* _Aim of the exercise_
Only the text of the records belongs in the answer; the pictures must be dropped.

[Text-to-region grounding data]
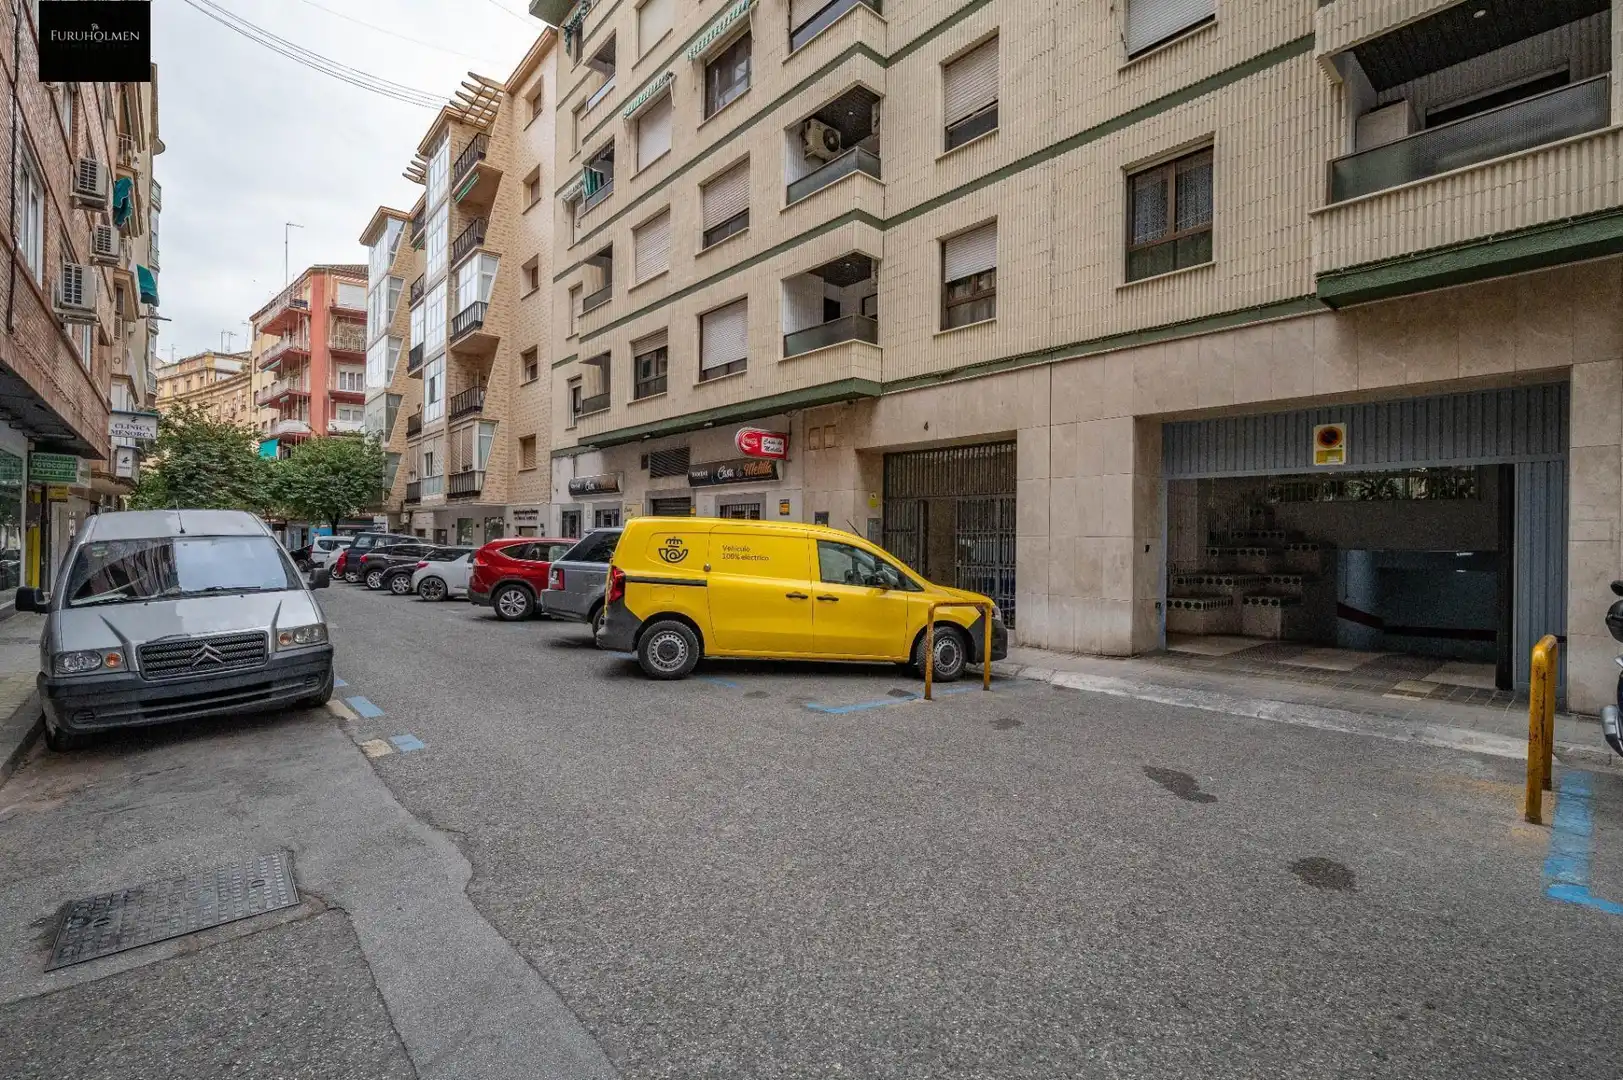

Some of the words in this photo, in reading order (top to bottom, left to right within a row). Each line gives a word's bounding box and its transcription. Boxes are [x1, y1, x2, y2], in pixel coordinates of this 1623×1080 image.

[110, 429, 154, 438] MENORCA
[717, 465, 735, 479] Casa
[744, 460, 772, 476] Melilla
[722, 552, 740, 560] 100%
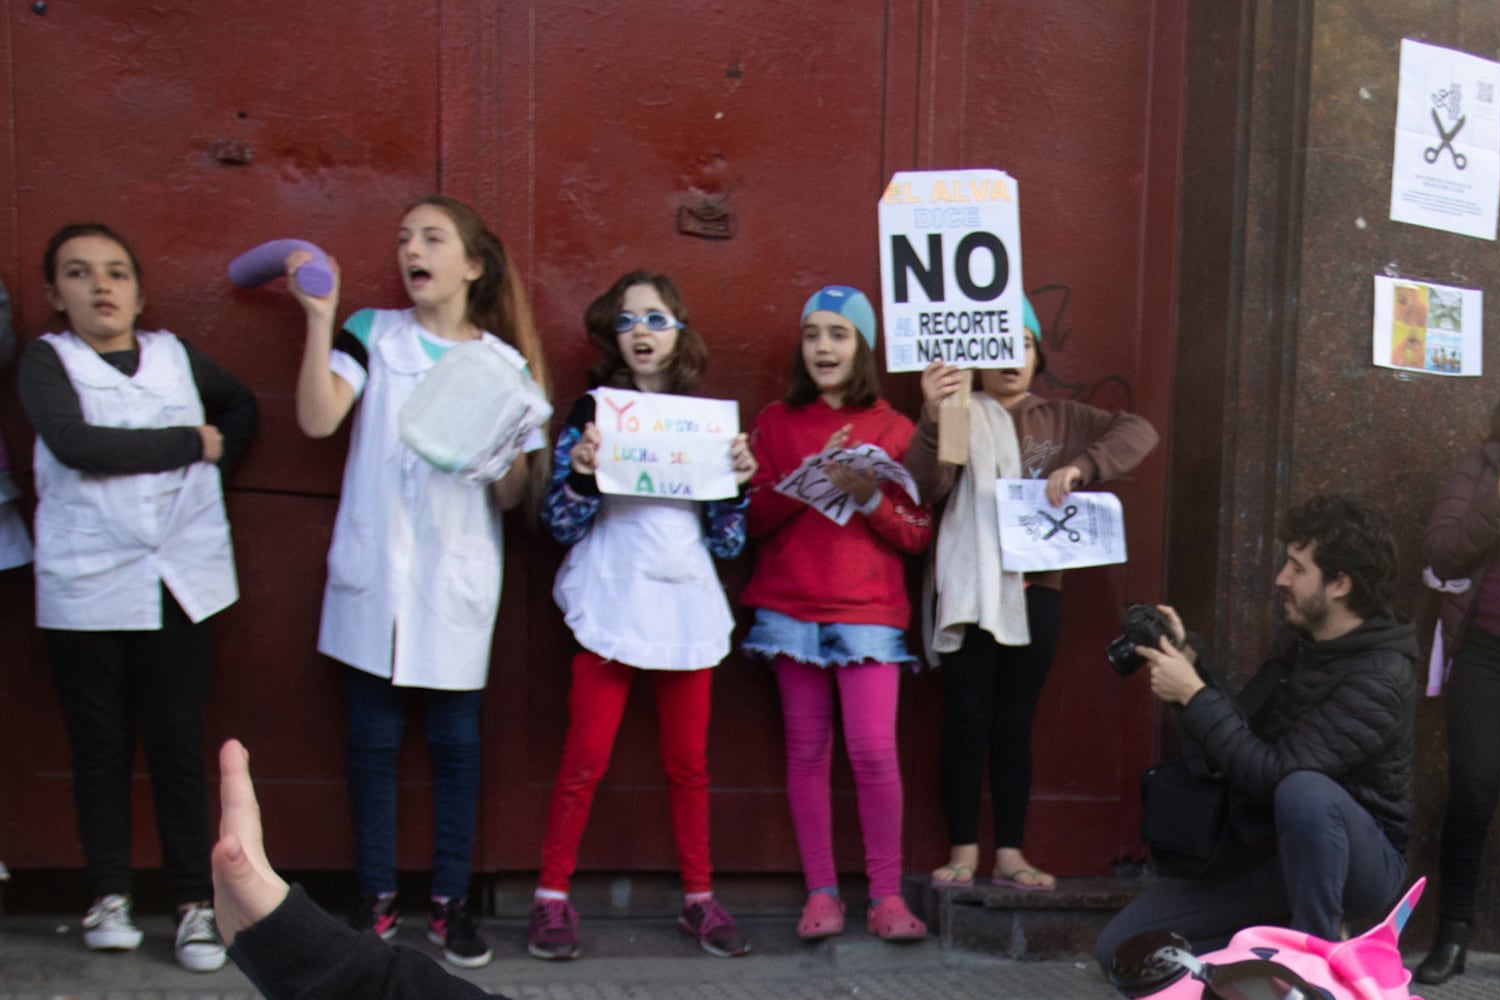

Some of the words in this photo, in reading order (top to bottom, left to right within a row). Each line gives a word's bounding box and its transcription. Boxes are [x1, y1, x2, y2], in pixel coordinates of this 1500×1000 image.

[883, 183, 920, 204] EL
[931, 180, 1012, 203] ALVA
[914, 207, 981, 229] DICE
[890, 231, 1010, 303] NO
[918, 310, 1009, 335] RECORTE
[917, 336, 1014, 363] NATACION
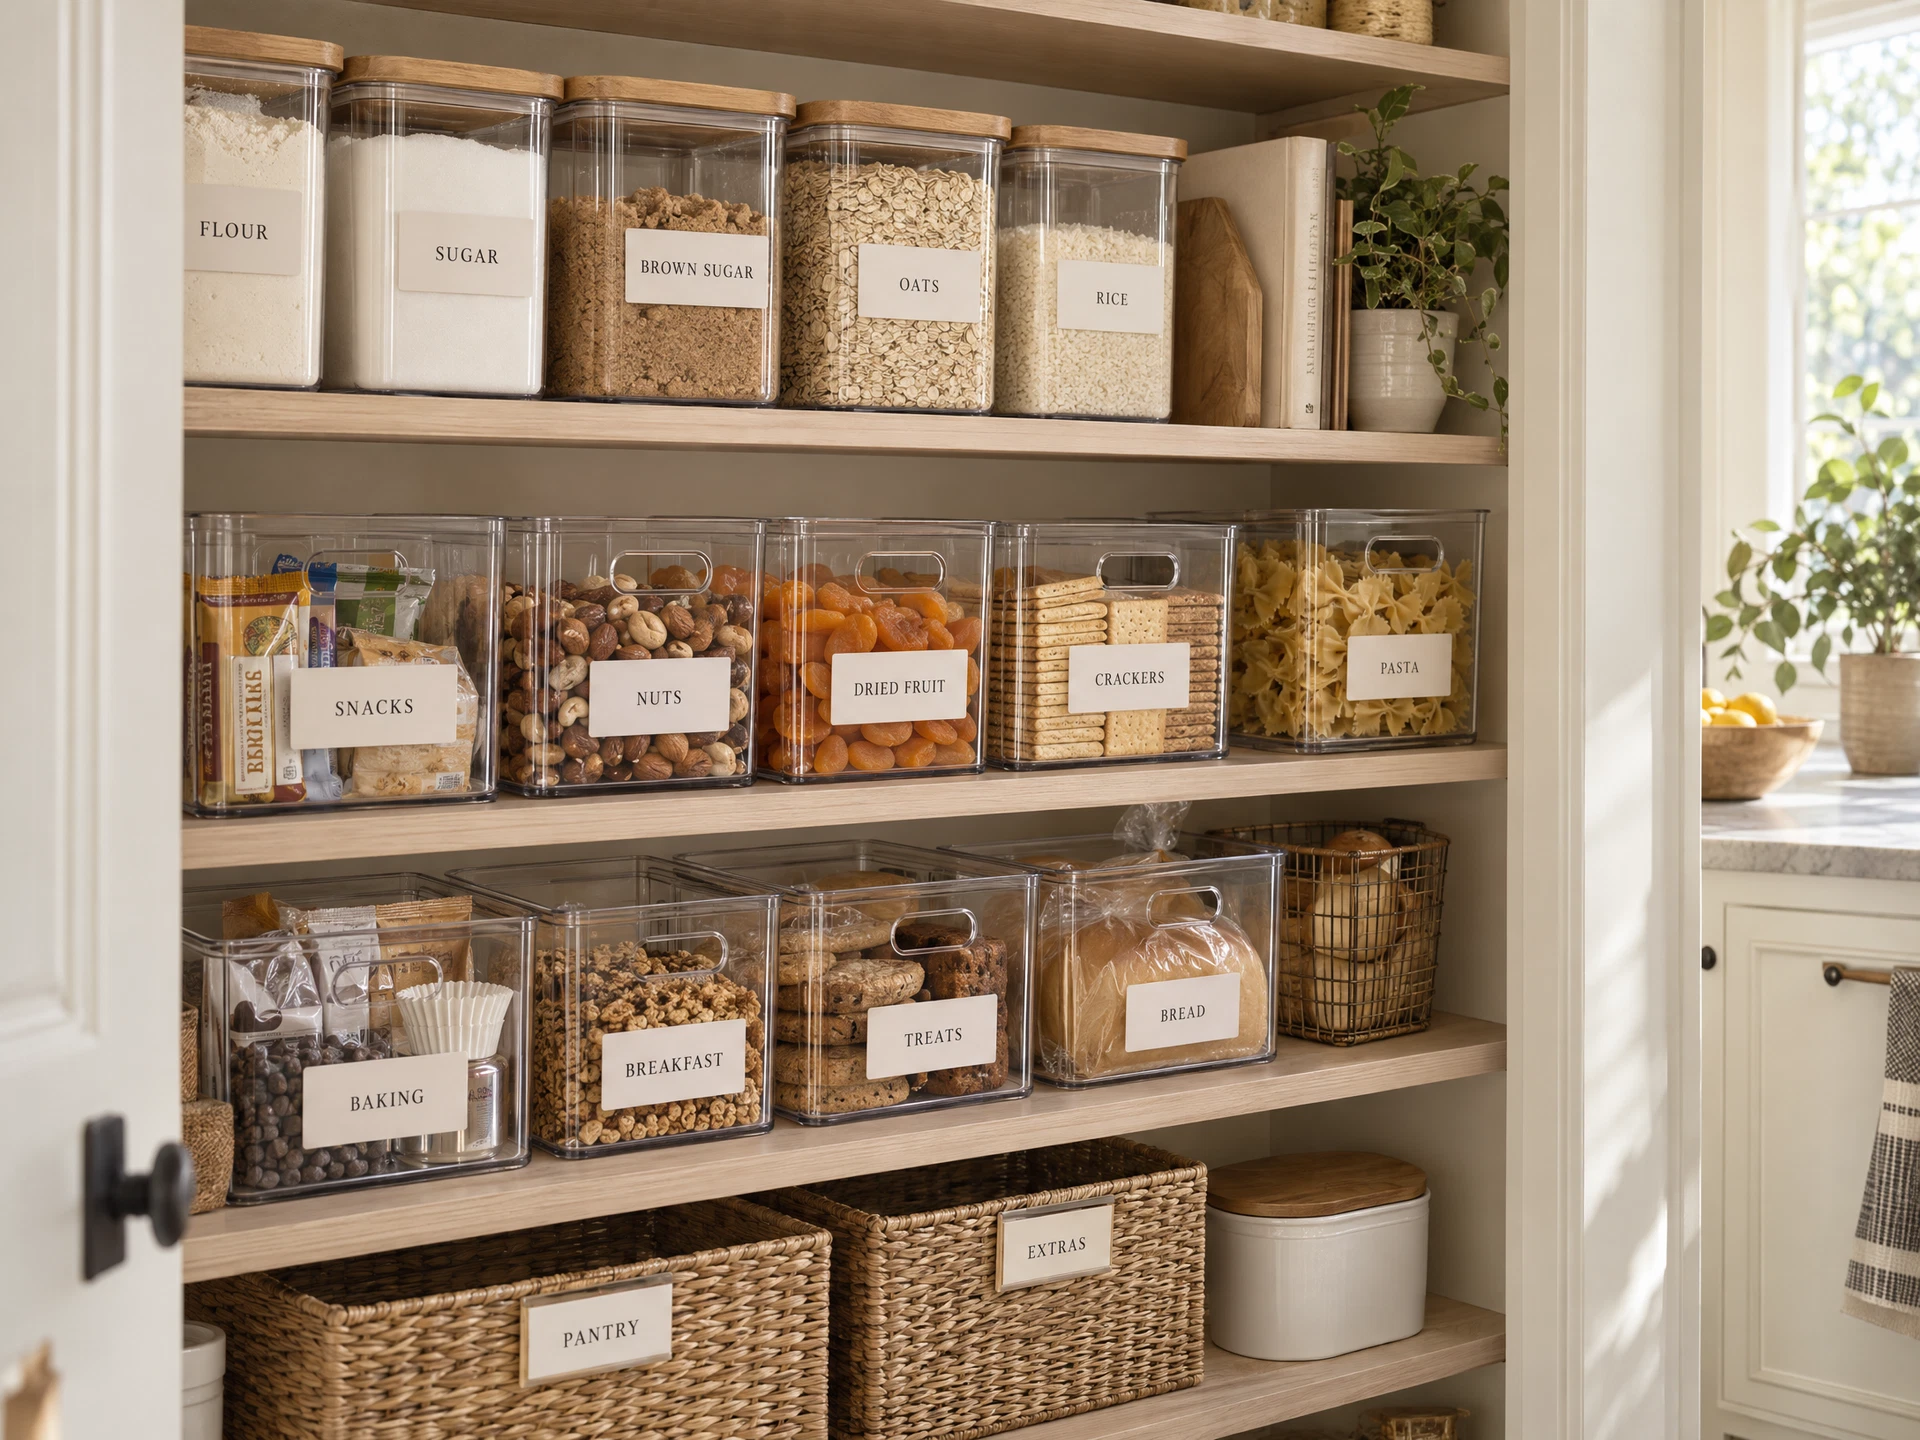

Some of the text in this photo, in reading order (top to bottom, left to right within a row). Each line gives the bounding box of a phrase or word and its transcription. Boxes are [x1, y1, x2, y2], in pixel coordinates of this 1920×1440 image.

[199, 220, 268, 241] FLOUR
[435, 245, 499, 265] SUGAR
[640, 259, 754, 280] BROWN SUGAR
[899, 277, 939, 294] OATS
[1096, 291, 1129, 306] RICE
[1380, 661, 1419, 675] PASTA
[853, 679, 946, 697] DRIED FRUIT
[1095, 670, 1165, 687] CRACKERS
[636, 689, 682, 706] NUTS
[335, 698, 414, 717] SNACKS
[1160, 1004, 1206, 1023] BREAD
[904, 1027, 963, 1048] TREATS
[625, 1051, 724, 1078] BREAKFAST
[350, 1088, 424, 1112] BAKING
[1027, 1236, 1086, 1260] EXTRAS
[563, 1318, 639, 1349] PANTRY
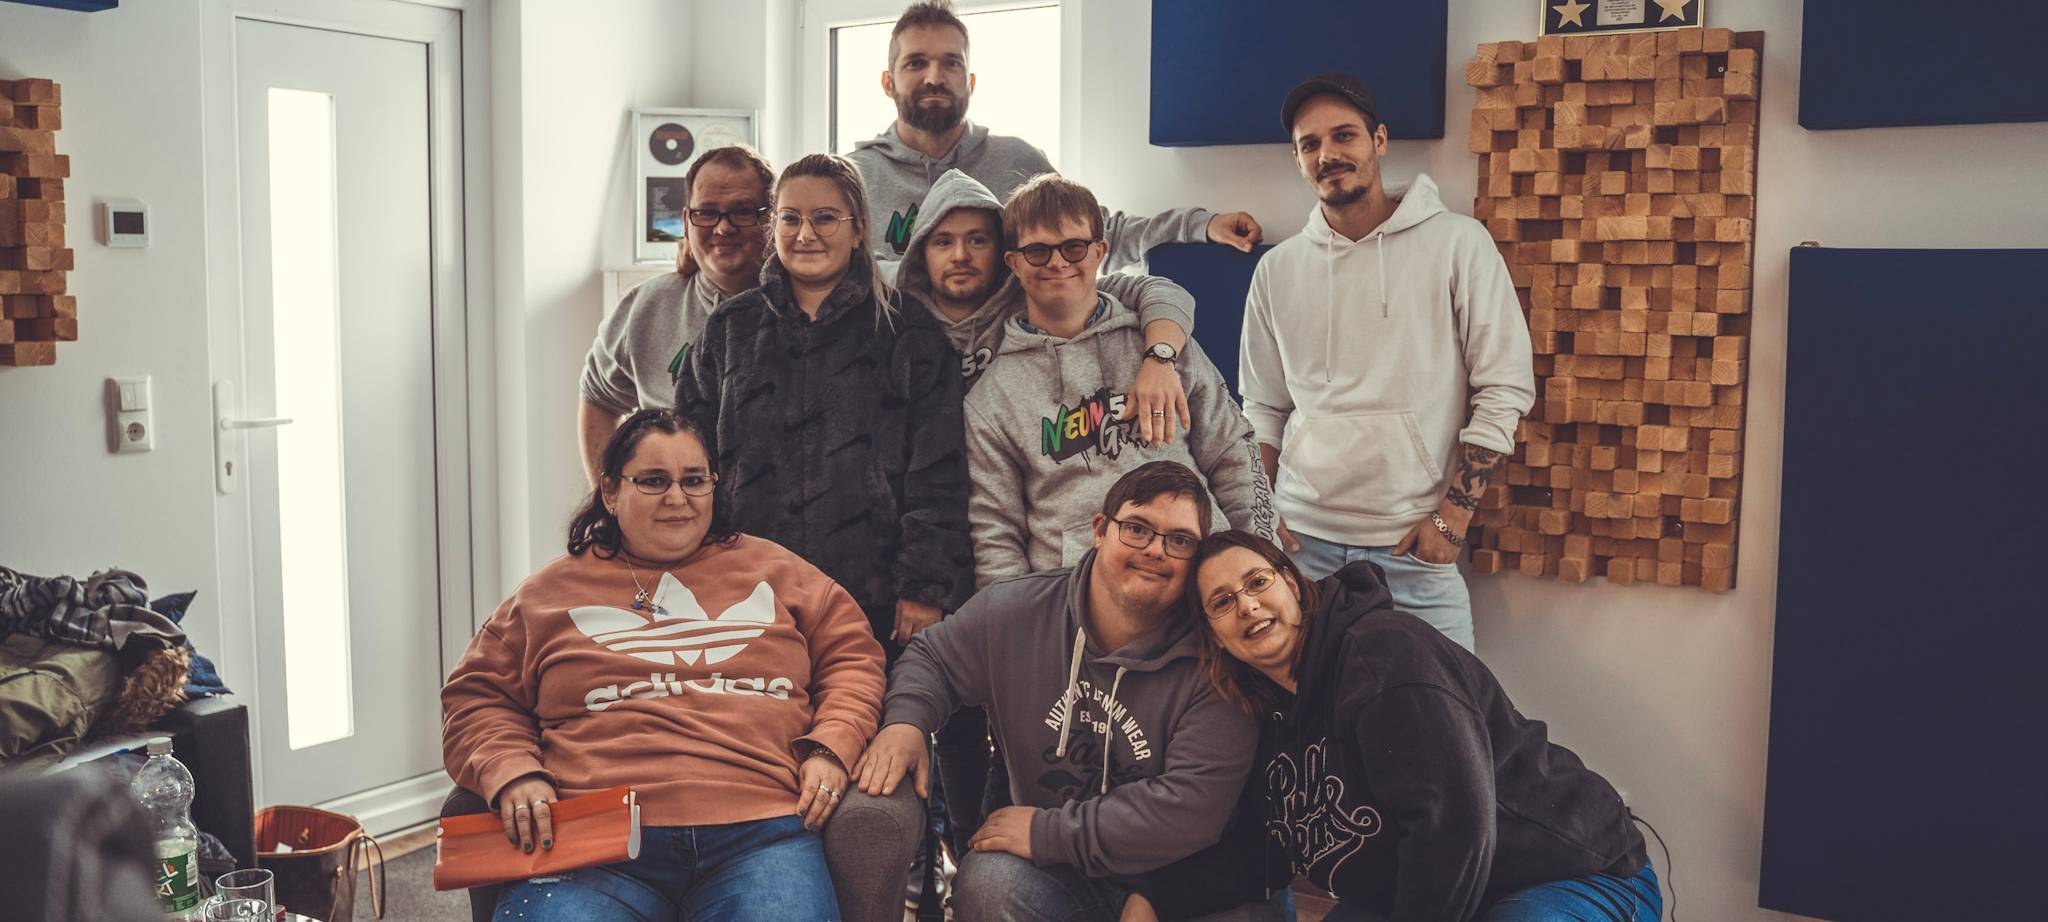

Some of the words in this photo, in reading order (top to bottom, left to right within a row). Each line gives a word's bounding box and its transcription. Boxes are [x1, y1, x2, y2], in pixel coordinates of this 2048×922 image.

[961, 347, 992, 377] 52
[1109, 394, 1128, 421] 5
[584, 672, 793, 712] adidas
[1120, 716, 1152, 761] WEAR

* _Your response_
Some of the words in this photo, in reading order (top to bottom, left to right within a row). Each line gives a word's bounding box and its transcription. Boxes are [x1, y1, x2, y2], in pixel coordinates of this 1623×1080 image.

[110, 429, 154, 438] MENORCA
[717, 465, 735, 479] Casa
[744, 460, 772, 476] Melilla
[722, 552, 740, 560] 100%

Some of the words in this photo, in reading order (top to bottom, left to right within a row). Each line gives a word's bounding box and its transcription. Boxes are [x1, y1, x2, y2], in pixel coordinates of this 1500×1000 image.

[883, 183, 920, 204] EL
[931, 180, 1012, 203] ALVA
[914, 207, 981, 229] DICE
[890, 231, 1010, 303] NO
[918, 310, 1009, 335] RECORTE
[917, 336, 1014, 363] NATACION

Some of the text in this photo, in reading order (top to bottom, left to right within a row). Each line gives the bounding box of a phrase or word and its transcription. Boxes are [x1, y1, x2, y2], in pixel coordinates of this 1920×1440 image.

[199, 220, 268, 241] FLOUR
[435, 245, 499, 265] SUGAR
[640, 259, 754, 280] BROWN SUGAR
[899, 277, 939, 294] OATS
[1096, 291, 1129, 306] RICE
[1380, 661, 1419, 675] PASTA
[853, 679, 946, 697] DRIED FRUIT
[1095, 670, 1165, 687] CRACKERS
[636, 689, 682, 706] NUTS
[335, 698, 414, 717] SNACKS
[1160, 1004, 1206, 1023] BREAD
[904, 1027, 963, 1048] TREATS
[625, 1051, 724, 1078] BREAKFAST
[350, 1088, 424, 1112] BAKING
[1027, 1236, 1086, 1260] EXTRAS
[563, 1318, 639, 1349] PANTRY

Some of the words in this photo, in reading order (top to bottom, left to right within a row). Each line gives a word's bounding box and its transcription. Boxes are [x1, y1, x2, y2], in pixel coordinates of this 2048×922 image.

[961, 347, 992, 377] 52
[1109, 394, 1128, 421] 5
[584, 672, 793, 712] adidas
[1120, 716, 1152, 761] WEAR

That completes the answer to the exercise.